This blog may end now. I'm not sure, but I don't know if I'll post anymore.
I have recently discovered that I have Asperger's Syndrome. It's not a surprise but it's not a good thing either.
I have always imagined my social difficulties and confusion about people's behaviours to be due to Parental Alienation and my dysfunctional upbringing (although I've often said I brought myself up, having been ignored/neglected/messed with by inadequate parenting), and that with time I would grow out of them.
At the age of 37, I'm still socially inept and awkward, hence me speaking to the right people who gave me this diagnosis.
It explains an awful lot. It removes some of the blame for my difficult relationship with my mother from PA/my male parent, but it doesn't absolve him. He still did what he did. Asperger's Syndrome exacerbated the antagonism between Mum and me, to a large extent because the condition was unknown when I was a child.
I can now relax into who I am, for once in my life. Now I can learn not to panic about panicking about social situations (not a typo). The diagnosis has given me a certain level of peace with who I am. It's not my fault. I am not bad. I have not brought it upon myself. I can plan around it now without feeling foolish or childish or deliberately awkward or incapable. I planned a trip to our capital city last week, based around what I can and can't cope with, and it was the best trip I've ever had - I didn't put myself in a single situation that was bad for me because now I understand my limits, so no stress occurred.

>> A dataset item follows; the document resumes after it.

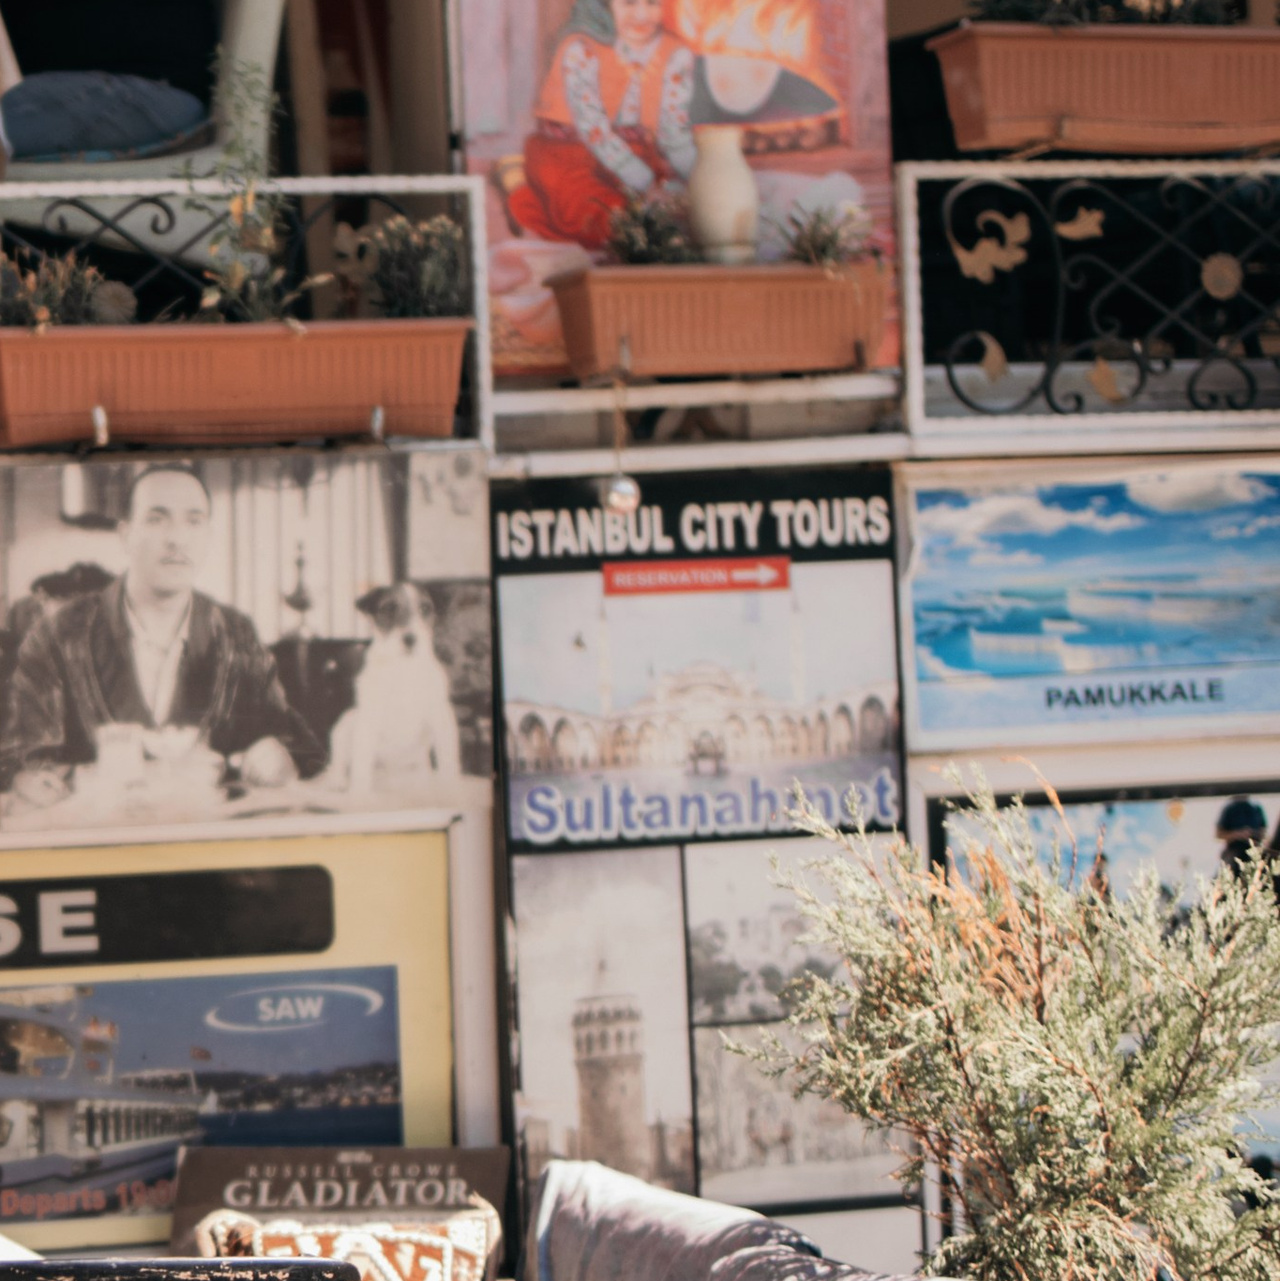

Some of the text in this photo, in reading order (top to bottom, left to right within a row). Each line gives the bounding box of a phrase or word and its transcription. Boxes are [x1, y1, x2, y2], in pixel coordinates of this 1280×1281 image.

However now I know that I'm never going to change. I am this socially inept person for the rest of my life. I am never going to be like you. I am always going to find social situations challenging and confusion and EXHAUSTING. It's never going to change because my brain is a little bit broken. I am never going to have a full social life or groups of friends I can relax with.
My mother is dead, all my grandparents are dead, my male parent is too dangerous to be around, my sister wishes me dead (because she received as much of my bad/incorrect behaviour due to Asperger's as my mother did), my brothers avoid me because of the Asperger's, my extended family all avoid me. People avoid me in general because of the Asperger's.
It's always going to be like this and I can't tell anyone why, at least not until my youngest daughter is grown up (9 years time) because I have a spiteful ex who will use it against me.
I also cannot tell anyone that I couldn't get out of bed this morning because of despair, because I am afraid my children will be taken from me. Parental Alienation and Asperger's Syndrome have ruined my life. I am planning the next 30 years around the fact that I will be by myself (although my children are good to me and always will be).
I am not about to do anything extreme, don't worry - but there are worse thoughts in my head right now than ever in my life before. This blog is the only place I can be honest and take these thoughts out of my brain, because they've been rolling around in there since the beginning of March. If it weren't for my kids, I'd have been dead a long time ago simply because of the PA, and now, if I didn't have them, this blog would not have this entry.